Your assignment: Transcribe every entry exactly; the images stay out.

Extracted information:
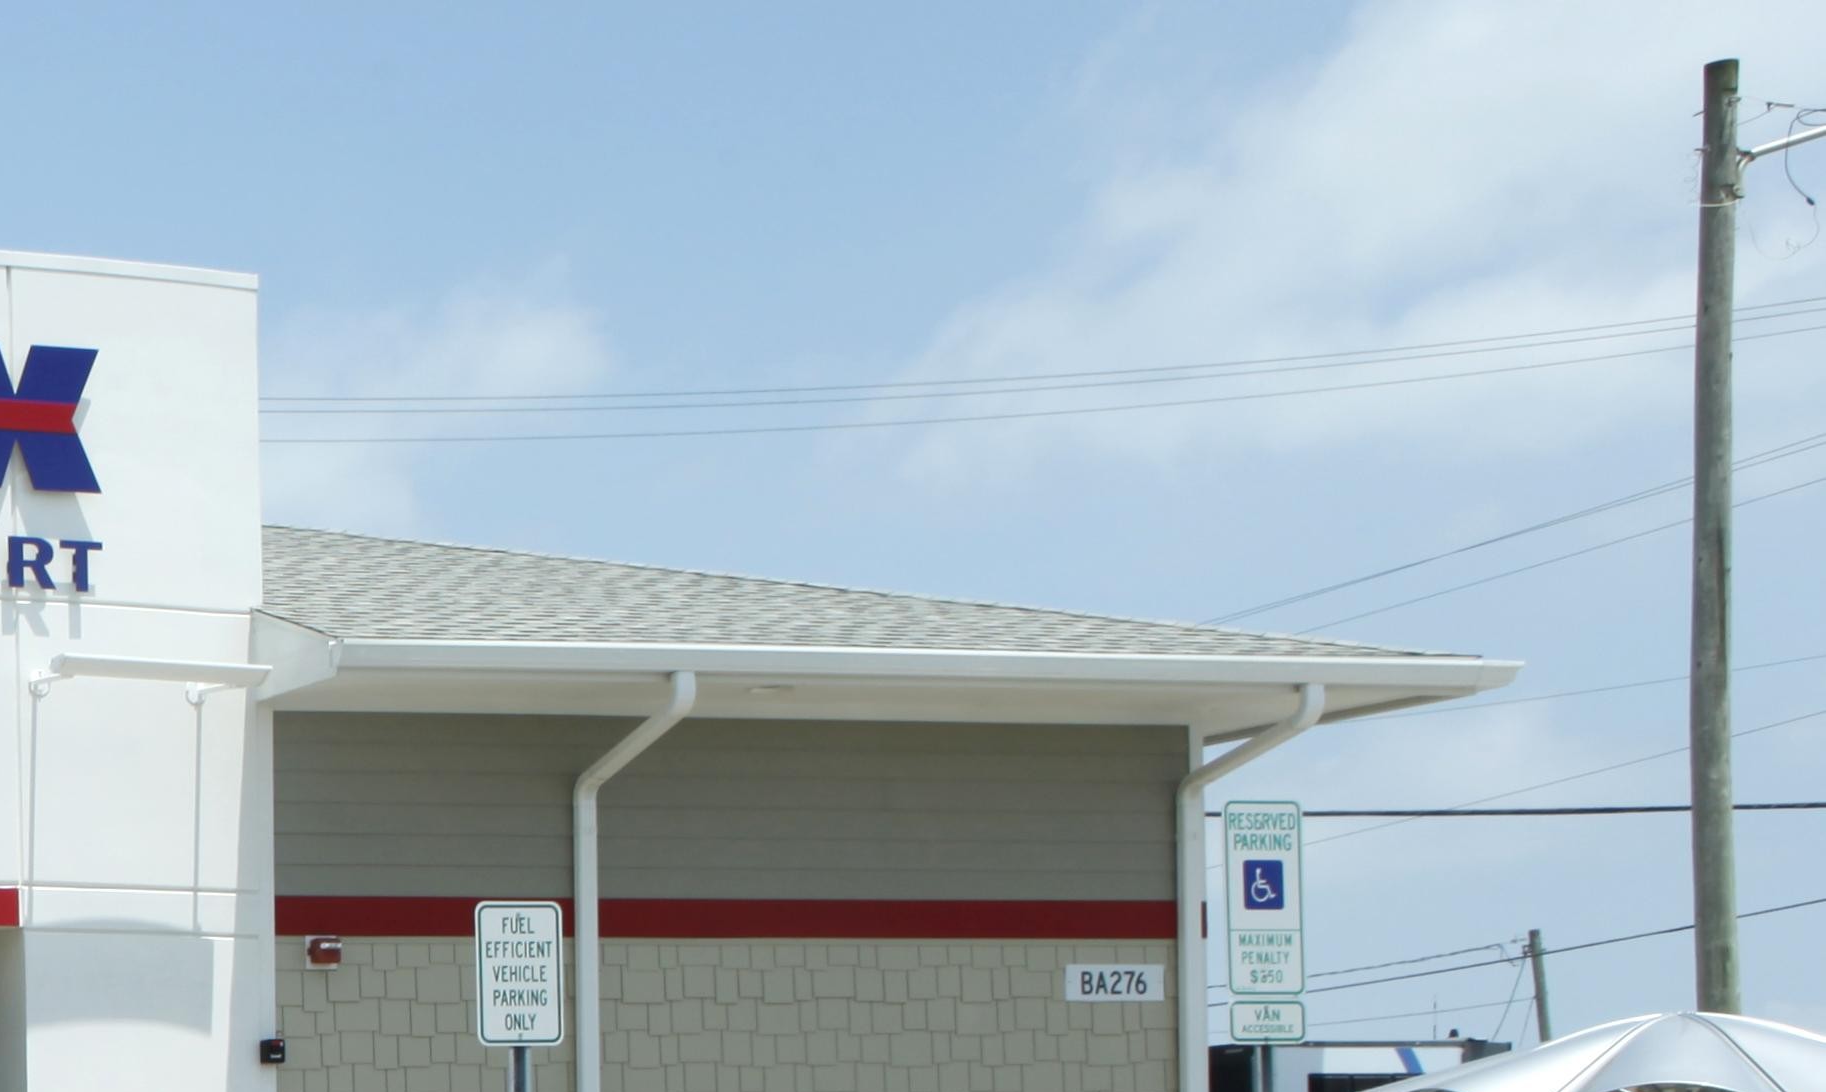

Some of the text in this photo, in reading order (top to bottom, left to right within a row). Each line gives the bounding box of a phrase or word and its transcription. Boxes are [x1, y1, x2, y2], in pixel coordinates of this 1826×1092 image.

[1228, 812, 1296, 830] RESERVED
[1233, 833, 1292, 851] PARKING
[502, 917, 535, 934] FUEL
[1238, 934, 1293, 946] MAXIMUM
[485, 941, 552, 958] EFFICIENT
[1241, 951, 1290, 965] PENALTY
[493, 965, 547, 982] VEHICLE
[1081, 971, 1147, 995] BA276
[493, 990, 547, 1006] PARKING
[505, 1014, 536, 1030] ONLY
[1254, 1009, 1280, 1021] VAN
[1241, 1024, 1294, 1033] ACCESSIBLE
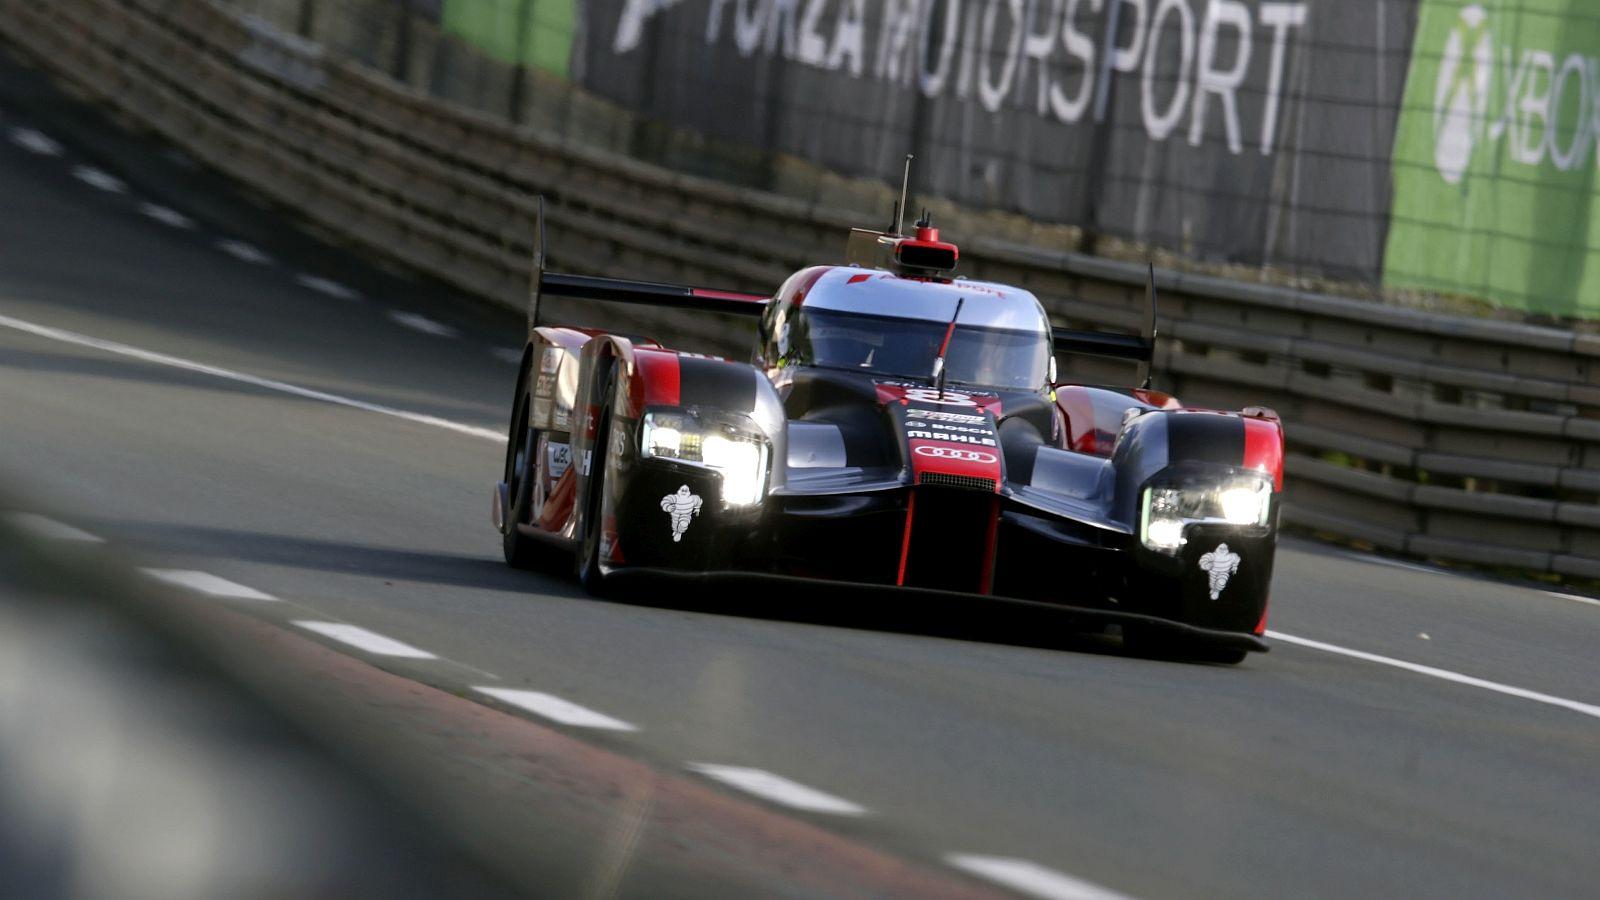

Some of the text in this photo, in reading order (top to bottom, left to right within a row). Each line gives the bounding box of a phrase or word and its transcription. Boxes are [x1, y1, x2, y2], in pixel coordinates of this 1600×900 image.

[873, 0, 1309, 156] MOTORSPORT
[904, 388, 978, 406] 8
[931, 423, 994, 435] BOSCH
[907, 430, 997, 446] MAHLE
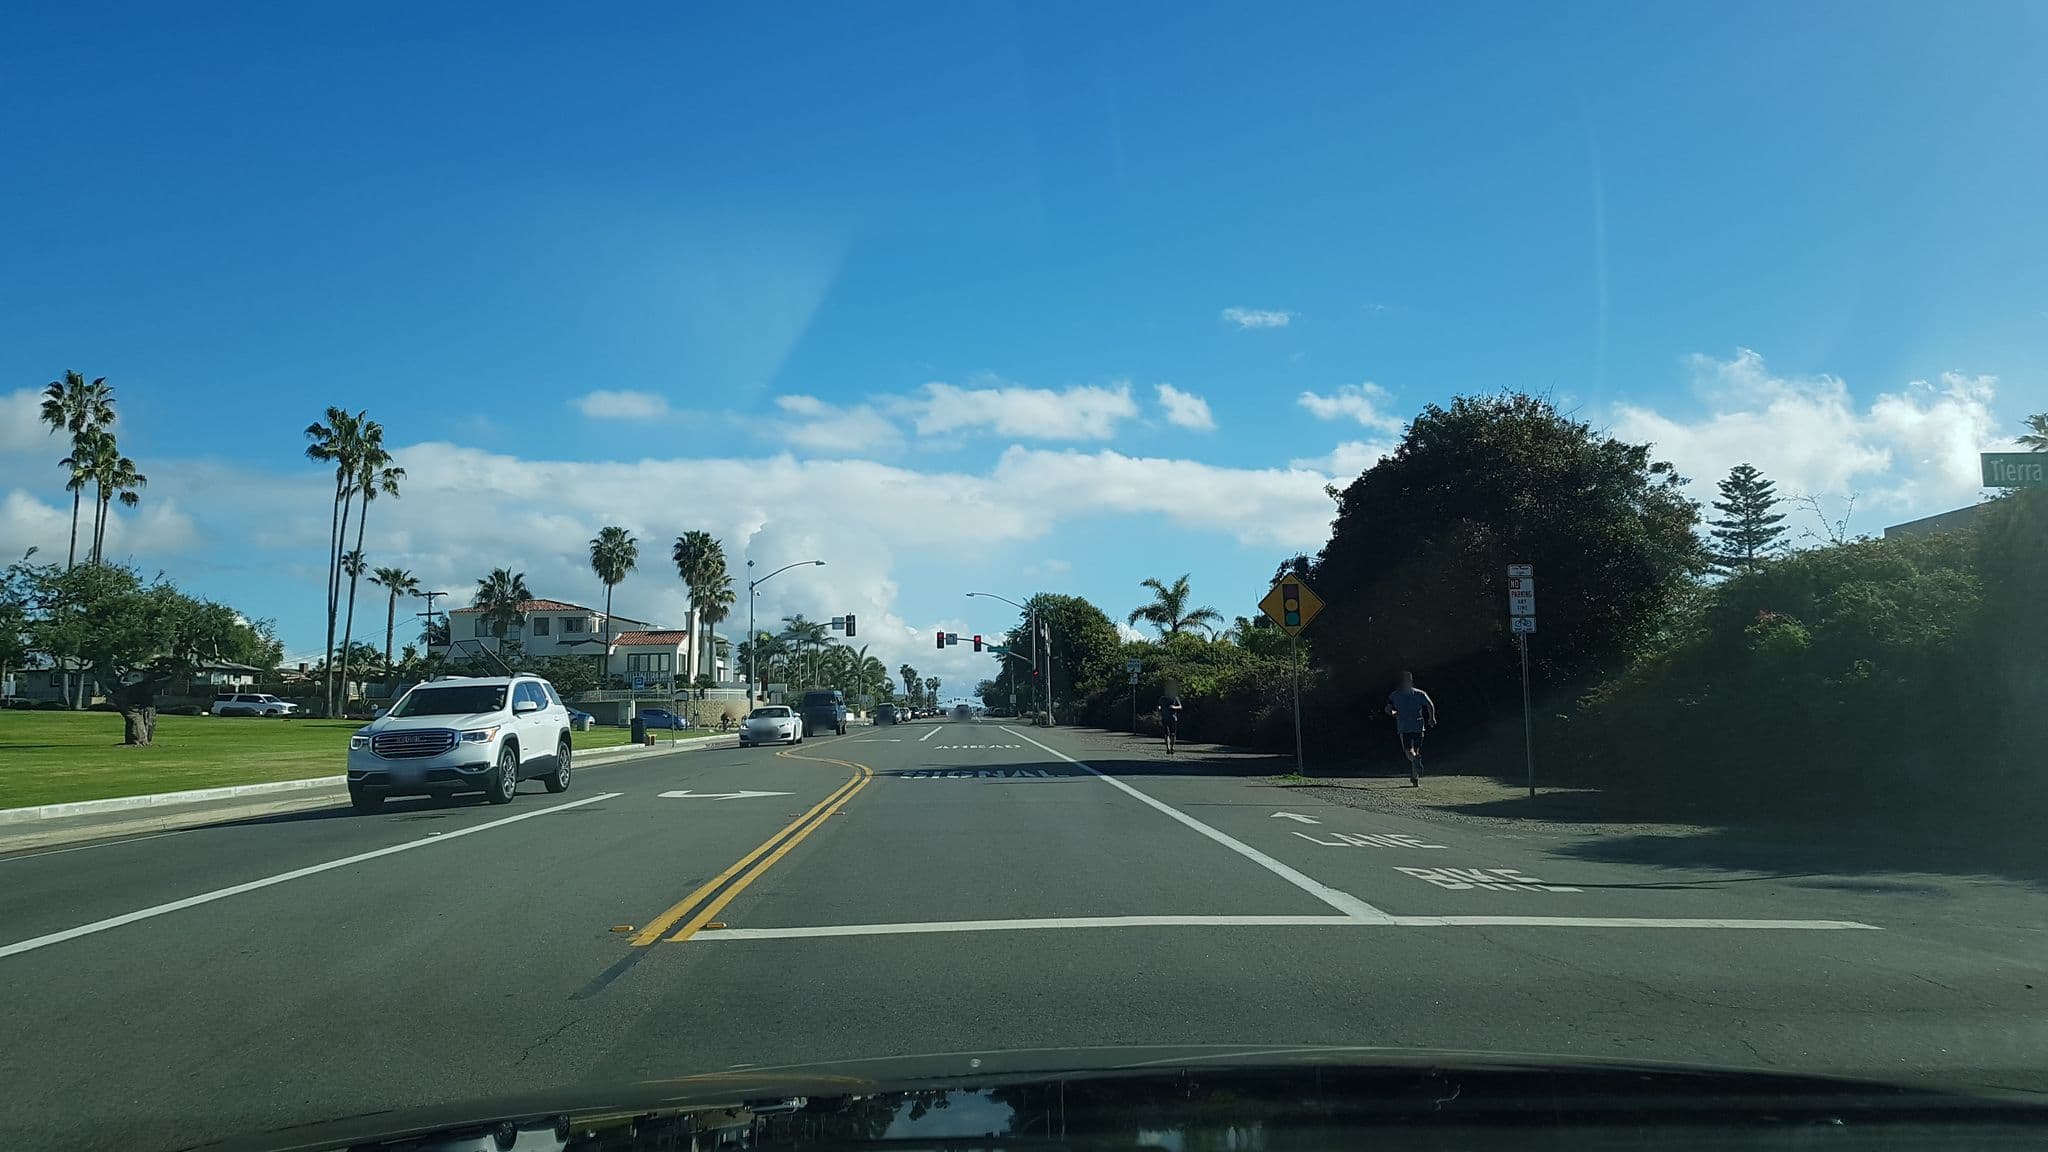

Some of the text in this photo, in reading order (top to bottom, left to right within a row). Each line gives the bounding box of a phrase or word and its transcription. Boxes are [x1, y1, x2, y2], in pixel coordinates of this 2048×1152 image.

[1990, 459, 2042, 481] Tierra
[1510, 579, 1520, 588] NO
[900, 770, 1070, 779] SIGNAL
[1291, 831, 1449, 849] LANE
[1392, 865, 1585, 893] BIKE

Reply:
Some of the text in this photo, in reading order (top to bottom, left to right within a row). Each line gives the bounding box of a phrase or word and its transcription. Boxes are [x1, y1, x2, y2], in pixel coordinates of this 1826×1092 image.

[1228, 812, 1296, 830] RESERVED
[1233, 833, 1292, 851] PARKING
[502, 917, 535, 934] FUEL
[1238, 934, 1293, 946] MAXIMUM
[485, 941, 552, 958] EFFICIENT
[1241, 951, 1290, 965] PENALTY
[493, 965, 547, 982] VEHICLE
[1081, 971, 1147, 995] BA276
[493, 990, 547, 1006] PARKING
[505, 1014, 536, 1030] ONLY
[1254, 1009, 1280, 1021] VAN
[1241, 1024, 1294, 1033] ACCESSIBLE

Some of the text in this photo, in reading order (top to bottom, left to right within a row). Each line gives the bounding box of a phrase or word and its transcription. Boxes are [x1, y1, x2, y2], in pixel coordinates of this 1600×900 image.

[873, 0, 1309, 156] MOTORSPORT
[904, 388, 978, 406] 8
[931, 423, 994, 435] BOSCH
[907, 430, 997, 446] MAHLE

Some of the text in this photo, in reading order (top to bottom, left to right within a row). Each line gives the bounding box of a phrase or word and its transcription. Boxes are [x1, y1, x2, y2], in pixel coordinates of this 2048×1152 image.

[1990, 459, 2042, 481] Tierra
[1510, 579, 1520, 588] NO
[900, 770, 1070, 779] SIGNAL
[1291, 831, 1449, 849] LANE
[1392, 865, 1585, 893] BIKE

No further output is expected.